Currently, you can insert a note into your text, but this doesn't look good, and it is of no big help if your documents contain many thousand notes. What we need is a method of attaching additional structured information to any text. Information that is visible to tools software, or by request of the user, but that is normally hidden from the human reader.
For a hyperlink in your text, you would need additional information about date and time of insertion, date and time of next validation, may be alternative link to be used in case the original expired, source of the information, may be copyright information and license, author contact information, and much more.
With all these information, it would be possible to have some software tool scanning your documents regularly, checking if everything is OK, changing what is allowed to be changed automatically, or reporting problems to your attention.
Of course, those methods only work on open standard formatted documents, as ODF, and the meta data must be attached following an open standard, too.
Fortunately, such open standards exist. The meta data format is proposed by OASIS.

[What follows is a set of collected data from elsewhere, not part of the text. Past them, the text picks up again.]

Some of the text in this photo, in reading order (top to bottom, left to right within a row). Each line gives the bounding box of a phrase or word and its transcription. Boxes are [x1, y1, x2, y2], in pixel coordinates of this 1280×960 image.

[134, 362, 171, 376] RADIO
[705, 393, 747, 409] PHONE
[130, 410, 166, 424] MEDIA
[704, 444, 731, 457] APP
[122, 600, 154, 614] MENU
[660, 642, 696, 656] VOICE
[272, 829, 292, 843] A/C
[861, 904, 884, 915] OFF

If you are into technical writing, publishing documentations, you will need standardized metadata in your documents. Every document should have a feedback link, and creation data, page count, copyright information, and more. In Writer, just click Tools > Bibliography Database to see how you can input and edit metadata today. The method used in OpenOffice.org to link to the bibliography database was just a very first step, using proven and available technology, on the road to real RDF metadata. Entering and editing metadata will certainly be more comfortable later.
Many software visionaries and engineers are working on metadata standards, for example using Dublin Core technology, or other developments as in SKOS (Simple Knowledge Organization System).

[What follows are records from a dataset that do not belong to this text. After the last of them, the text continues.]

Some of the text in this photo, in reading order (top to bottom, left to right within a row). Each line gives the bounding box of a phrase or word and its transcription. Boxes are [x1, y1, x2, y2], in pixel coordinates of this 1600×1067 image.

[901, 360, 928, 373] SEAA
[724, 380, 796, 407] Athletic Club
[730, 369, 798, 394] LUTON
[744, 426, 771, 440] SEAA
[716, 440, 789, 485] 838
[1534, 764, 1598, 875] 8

The OpenOffice.org software is already prepared for meta data, see the Blog entry by Svante Schubert and the presentation he held at the OpenOffice.org Conference 2007 in Barcelona.
So, OpenOffice.org is prepared to handle meta data in open standard documents, as proposed in the RDF specification.
As you can see from the comments to Svante's blog, the meta data support is a hot topic. Be prepared to meet some dragons here.
This is because there is enormous potential with metadata. Clever designed metadata can transform your text documents, spreadsheets, presentations into almost everything. Using metadata and special metadata aware hardware and software, your web based documents can be used to automate almost every aspect of your reader's life. The automatic programming of video recorders is just the least intrusive effect. A multitude of services can be developed to build upon the metadata, and the financial aspects might look like the next virtual gold rush.
Time will tell. Click the Semantic Web logo to read more about the future of the web.
A nice magazine article by Tim Berners-Lee, the "inventor of the World Wide Web", and others is here. By the way, that old magazine text shows the need of more intelligent link managers: It names an URL of a web page that contains some meta tags, but if you browse to that URL, you find that this page meanwhile got changed by its owner. It's a pity: The owner had no metadata tag sticked automatically onto his web page reminding him that the URL is used in an example about meta tags. In a perfect world, he would have registered his web page to a metadata maintaining service that would have told him that another registered web page links to this web page.
And be happy that your ODF documents will not become outdated. ODF is an open standard, a good citizen of the World Wide Web.